### Work to be completed
Exclude the pictures, then repeat the remaining data exactly.

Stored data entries

· · ·

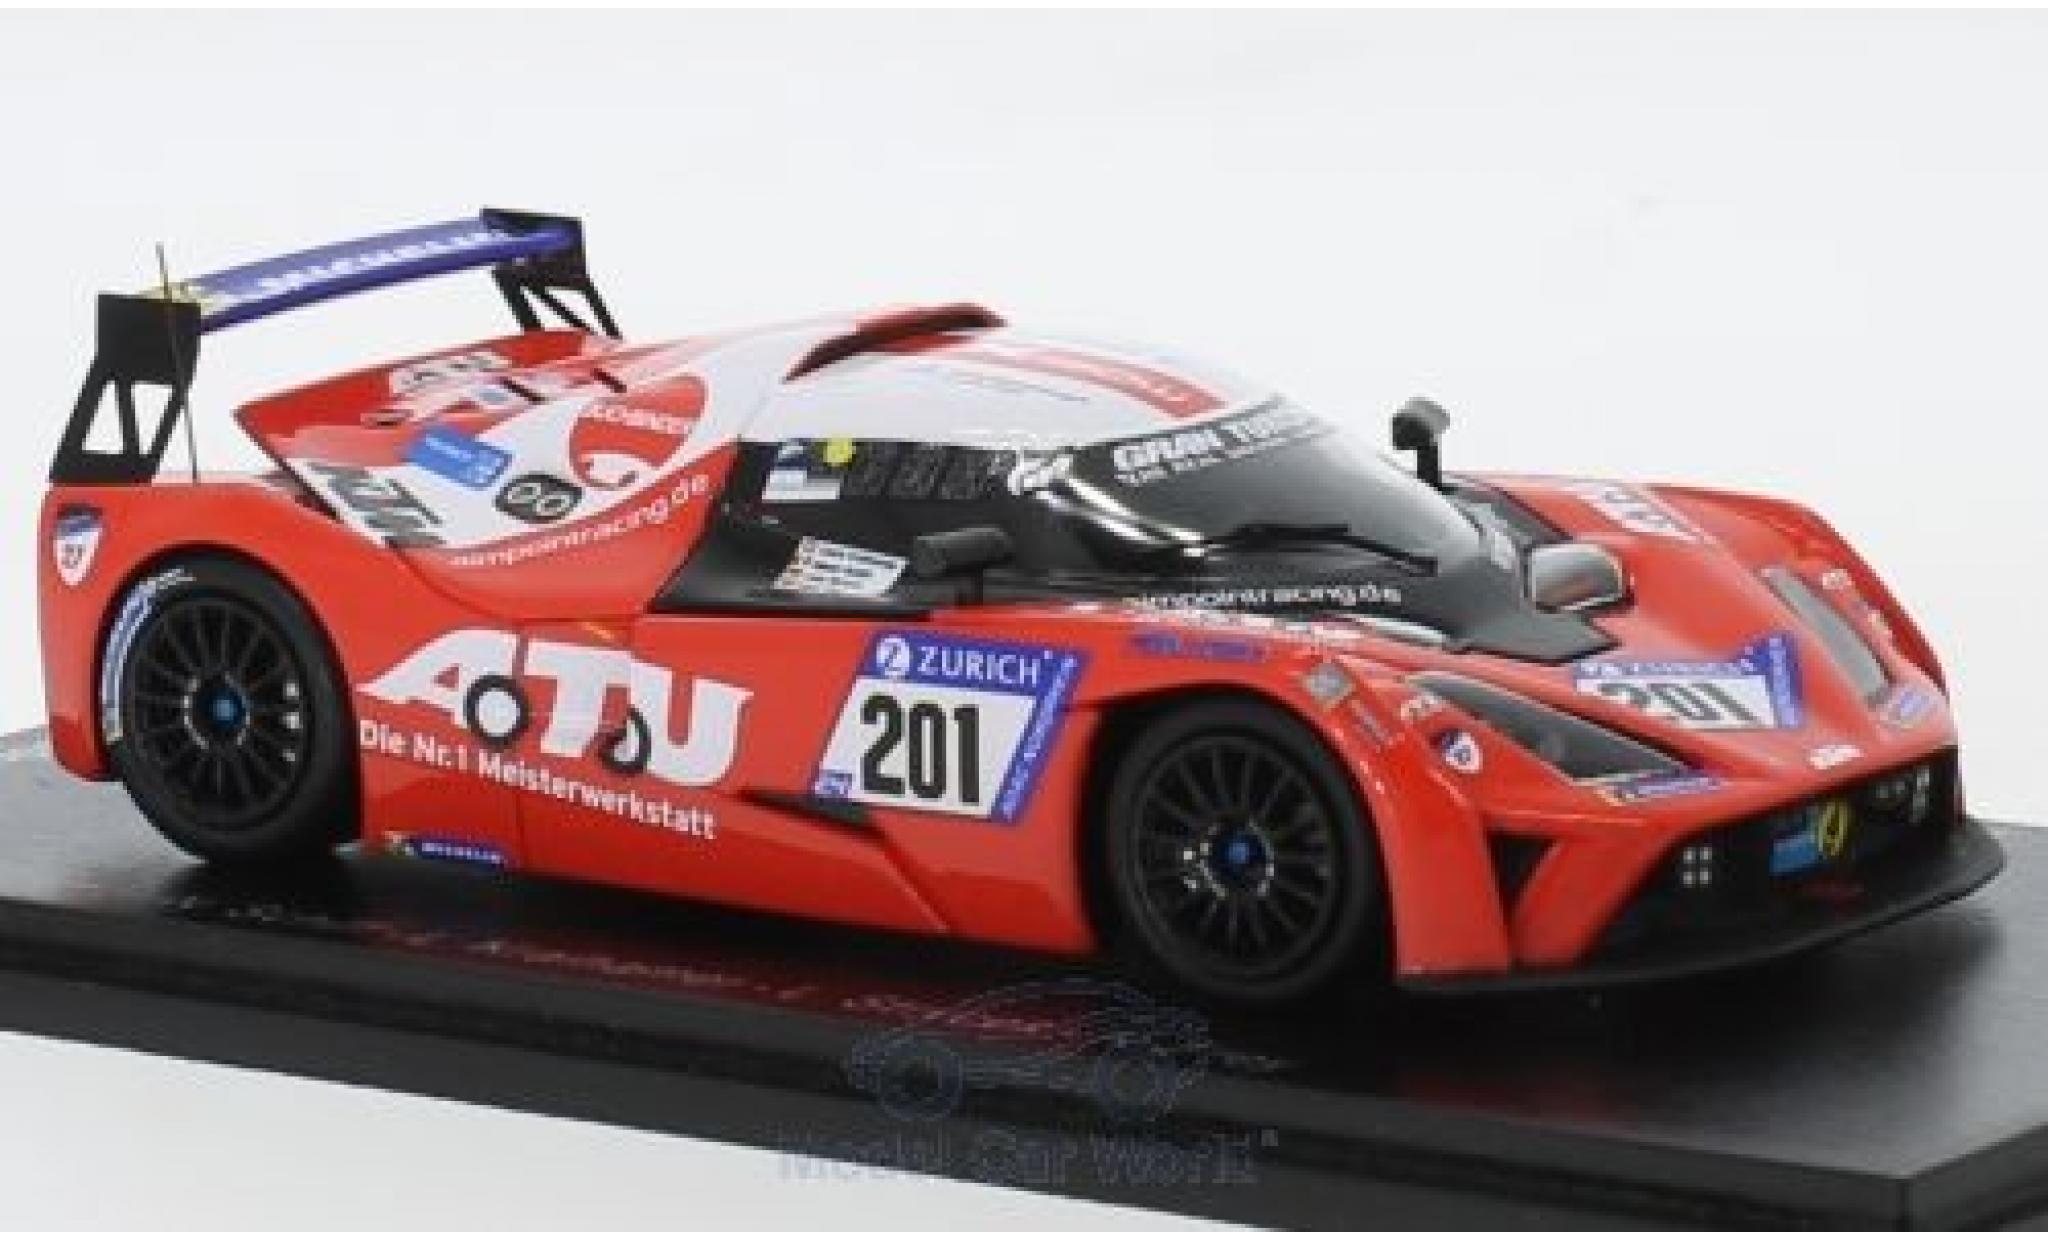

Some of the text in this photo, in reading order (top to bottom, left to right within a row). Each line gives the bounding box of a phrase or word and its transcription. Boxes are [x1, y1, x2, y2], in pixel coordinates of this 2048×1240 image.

[1112, 427, 1223, 471] GRAN
[916, 645, 1041, 688] ZURICH
[359, 718, 407, 755] Die
[478, 749, 718, 840] Meisterwerkstatt
[859, 694, 980, 806] 201
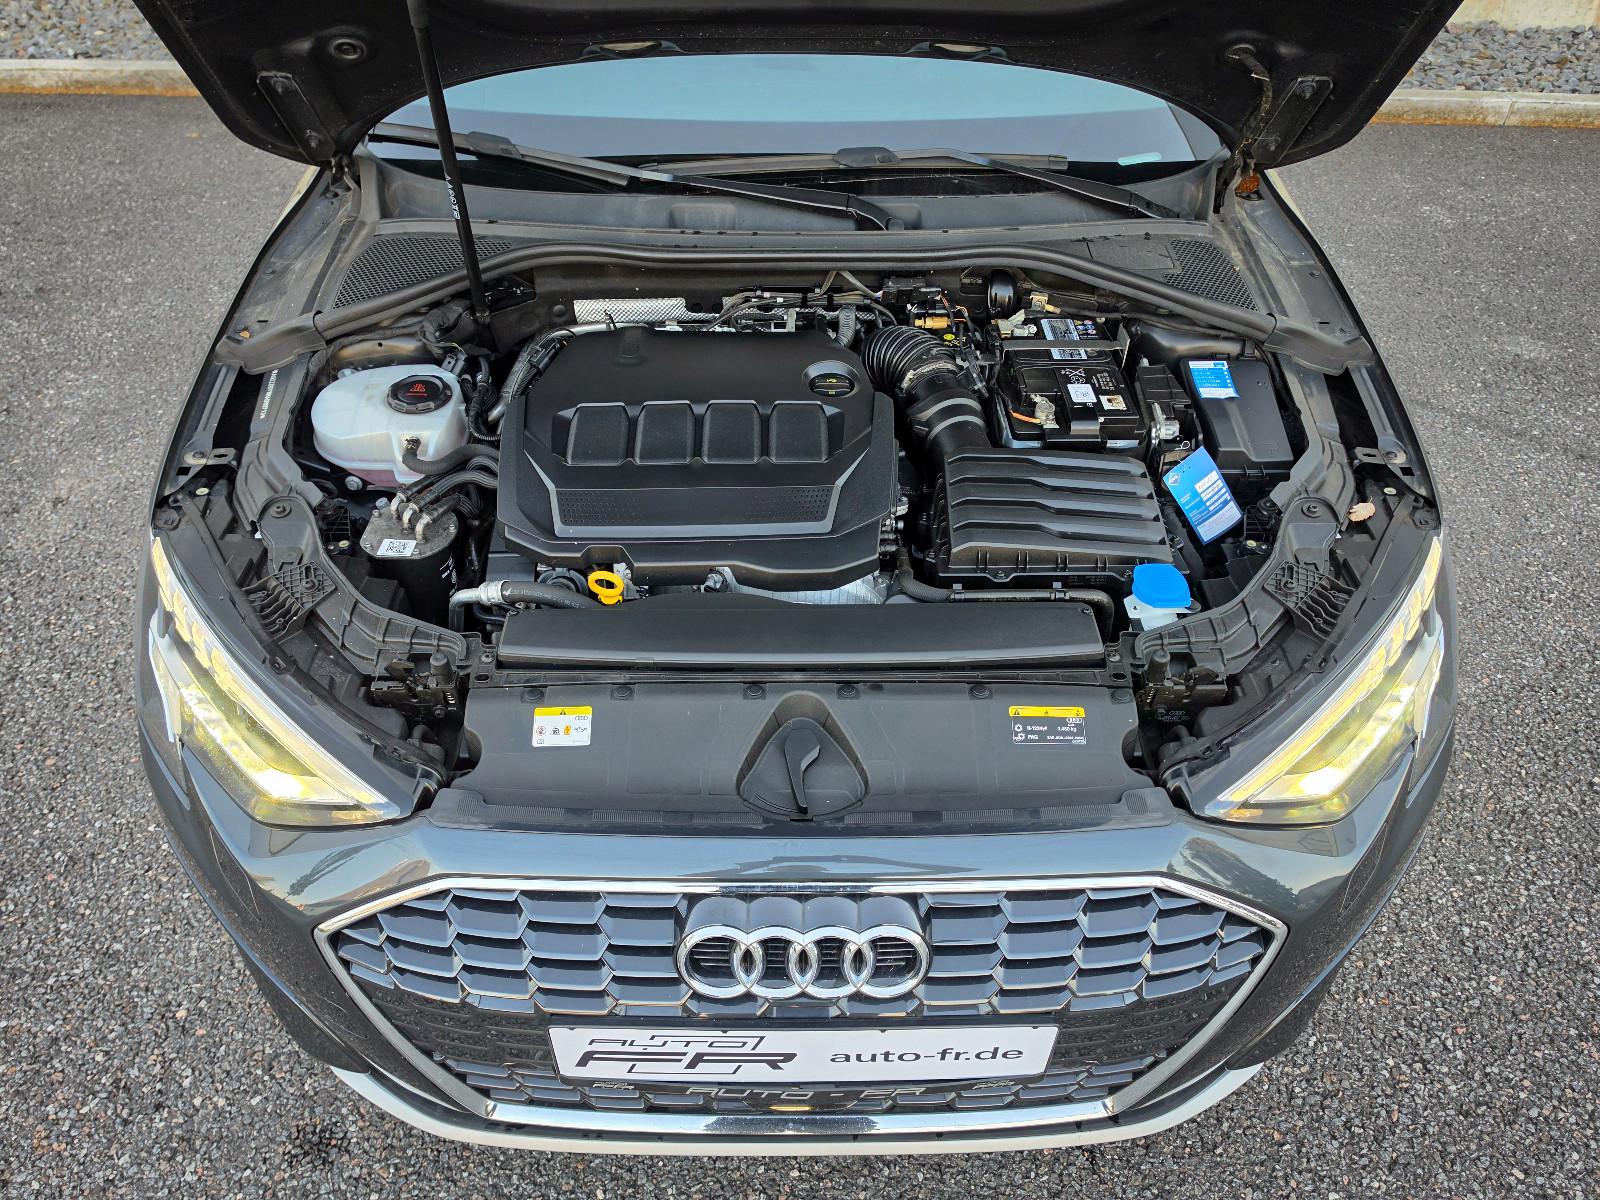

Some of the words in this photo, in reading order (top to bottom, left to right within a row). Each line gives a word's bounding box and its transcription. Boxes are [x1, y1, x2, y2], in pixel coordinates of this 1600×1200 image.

[588, 1038, 748, 1049] AUTO
[829, 1044, 1025, 1064] auto-fr.de
[686, 1087, 816, 1100] AUTO
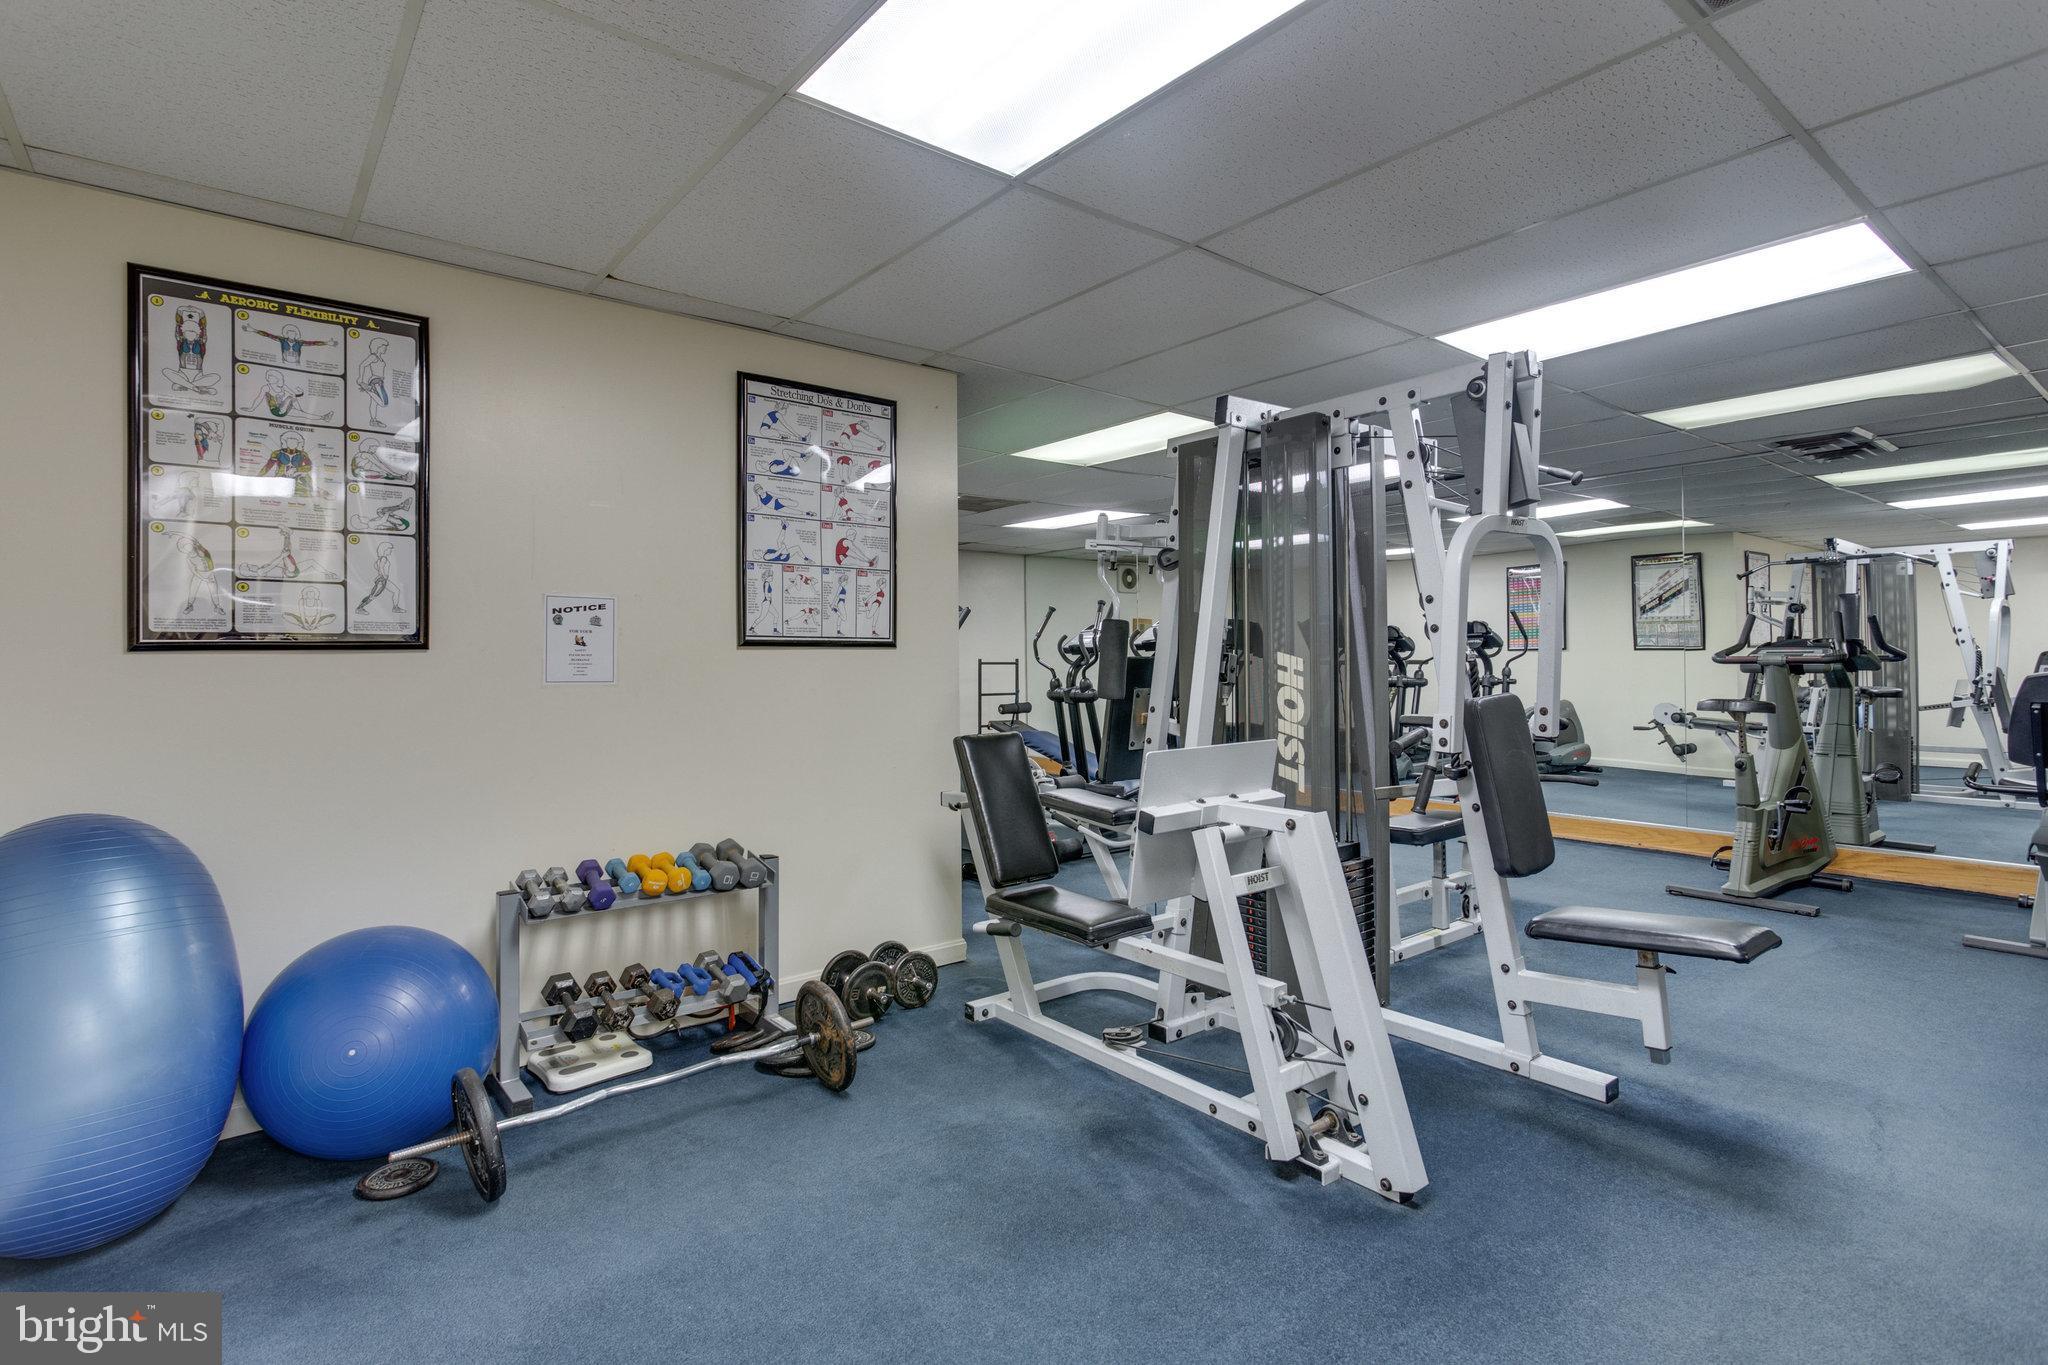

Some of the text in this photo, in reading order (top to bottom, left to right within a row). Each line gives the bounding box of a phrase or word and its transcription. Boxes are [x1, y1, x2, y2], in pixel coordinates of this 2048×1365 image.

· · ·

### Result of the task
Some of the text in this photo, in reading order (top to bottom, left to right within a row). Each line gives the bounding box of a phrase or word and its transcription. Boxes are [x1, y1, x2, y2], in pixel coordinates of this 2048×1240 image.

[1112, 427, 1223, 471] GRAN
[916, 645, 1041, 688] ZURICH
[359, 718, 407, 755] Die
[478, 749, 718, 840] Meisterwerkstatt
[859, 694, 980, 806] 201

Some of the words in this photo, in reading order (top to bottom, left to right within a row). Each line gives a word's bounding box and its transcription. Boxes are [x1, y1, x2, y2], in pixel coordinates of this 1600×1200 image.

[588, 1038, 748, 1049] AUTO
[829, 1044, 1025, 1064] auto-fr.de
[686, 1087, 816, 1100] AUTO

Some of the text in this photo, in reading order (top to bottom, left to right within a row). Each line gives the bounding box of a phrase or word and its transcription. Boxes are [x1, y1, x2, y2], in pixel coordinates of this 2048×1365 image.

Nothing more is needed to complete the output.